=== Exercise details ===
Find the line that contains "this 1333×1334 image.". Then set down that line and all the lines after it, to the end of the records, exactly and with nothing added.

_ _ _

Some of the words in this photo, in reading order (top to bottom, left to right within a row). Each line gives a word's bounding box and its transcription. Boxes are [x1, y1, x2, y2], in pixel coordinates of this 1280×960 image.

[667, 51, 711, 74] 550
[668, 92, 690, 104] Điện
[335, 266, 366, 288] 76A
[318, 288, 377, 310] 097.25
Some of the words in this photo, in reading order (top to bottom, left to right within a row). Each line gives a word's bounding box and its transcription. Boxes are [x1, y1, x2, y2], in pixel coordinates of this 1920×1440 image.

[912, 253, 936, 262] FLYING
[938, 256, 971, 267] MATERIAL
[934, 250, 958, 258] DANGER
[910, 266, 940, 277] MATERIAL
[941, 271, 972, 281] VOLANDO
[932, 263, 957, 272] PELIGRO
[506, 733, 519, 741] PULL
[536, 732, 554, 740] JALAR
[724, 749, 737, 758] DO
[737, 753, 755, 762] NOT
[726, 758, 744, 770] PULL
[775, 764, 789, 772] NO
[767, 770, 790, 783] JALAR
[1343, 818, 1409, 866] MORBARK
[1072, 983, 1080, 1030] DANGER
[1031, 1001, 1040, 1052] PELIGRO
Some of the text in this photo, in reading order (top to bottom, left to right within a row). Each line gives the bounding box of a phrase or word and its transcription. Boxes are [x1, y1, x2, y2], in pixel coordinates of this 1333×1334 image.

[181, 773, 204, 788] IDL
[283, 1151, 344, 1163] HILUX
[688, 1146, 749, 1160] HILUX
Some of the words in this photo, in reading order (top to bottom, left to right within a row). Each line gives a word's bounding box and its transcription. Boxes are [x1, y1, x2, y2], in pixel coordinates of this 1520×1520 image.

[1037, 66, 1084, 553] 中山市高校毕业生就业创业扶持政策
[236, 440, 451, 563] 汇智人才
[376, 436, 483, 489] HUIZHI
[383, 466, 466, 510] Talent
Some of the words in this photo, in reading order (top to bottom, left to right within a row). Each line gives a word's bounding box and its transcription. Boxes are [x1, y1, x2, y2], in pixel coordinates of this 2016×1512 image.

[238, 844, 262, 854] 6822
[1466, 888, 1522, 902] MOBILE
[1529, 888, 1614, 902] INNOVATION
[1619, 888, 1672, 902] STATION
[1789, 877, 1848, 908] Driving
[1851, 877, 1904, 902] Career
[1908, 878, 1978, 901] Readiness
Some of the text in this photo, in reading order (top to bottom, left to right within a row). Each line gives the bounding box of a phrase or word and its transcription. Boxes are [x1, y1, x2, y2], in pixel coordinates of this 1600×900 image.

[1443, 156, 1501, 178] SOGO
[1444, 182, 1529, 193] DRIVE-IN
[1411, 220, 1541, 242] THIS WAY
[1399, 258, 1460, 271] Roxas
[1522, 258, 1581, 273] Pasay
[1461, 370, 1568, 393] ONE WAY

_ _ _

=== Written solution ===
Some of the text in this photo, in reading order (top to bottom, left to right within a row). Each line gives the bounding box of a phrase or word and its transcription. Boxes are [x1, y1, x2, y2], in pixel coordinates of this 1333×1334 image.

[181, 773, 204, 788] IDL
[283, 1151, 344, 1163] HILUX
[688, 1146, 749, 1160] HILUX
Some of the words in this photo, in reading order (top to bottom, left to right within a row). Each line gives a word's bounding box and its transcription. Boxes are [x1, y1, x2, y2], in pixel coordinates of this 1520×1520 image.

[1037, 66, 1084, 553] 中山市高校毕业生就业创业扶持政策
[236, 440, 451, 563] 汇智人才
[376, 436, 483, 489] HUIZHI
[383, 466, 466, 510] Talent
Some of the words in this photo, in reading order (top to bottom, left to right within a row). Each line gives a word's bounding box and its transcription. Boxes are [x1, y1, x2, y2], in pixel coordinates of this 2016×1512 image.

[238, 844, 262, 854] 6822
[1466, 888, 1522, 902] MOBILE
[1529, 888, 1614, 902] INNOVATION
[1619, 888, 1672, 902] STATION
[1789, 877, 1848, 908] Driving
[1851, 877, 1904, 902] Career
[1908, 878, 1978, 901] Readiness
Some of the text in this photo, in reading order (top to bottom, left to right within a row). Each line gives the bounding box of a phrase or word and its transcription. Boxes are [x1, y1, x2, y2], in pixel coordinates of this 1600×900 image.

[1443, 156, 1501, 178] SOGO
[1444, 182, 1529, 193] DRIVE-IN
[1411, 220, 1541, 242] THIS WAY
[1399, 258, 1460, 271] Roxas
[1522, 258, 1581, 273] Pasay
[1461, 370, 1568, 393] ONE WAY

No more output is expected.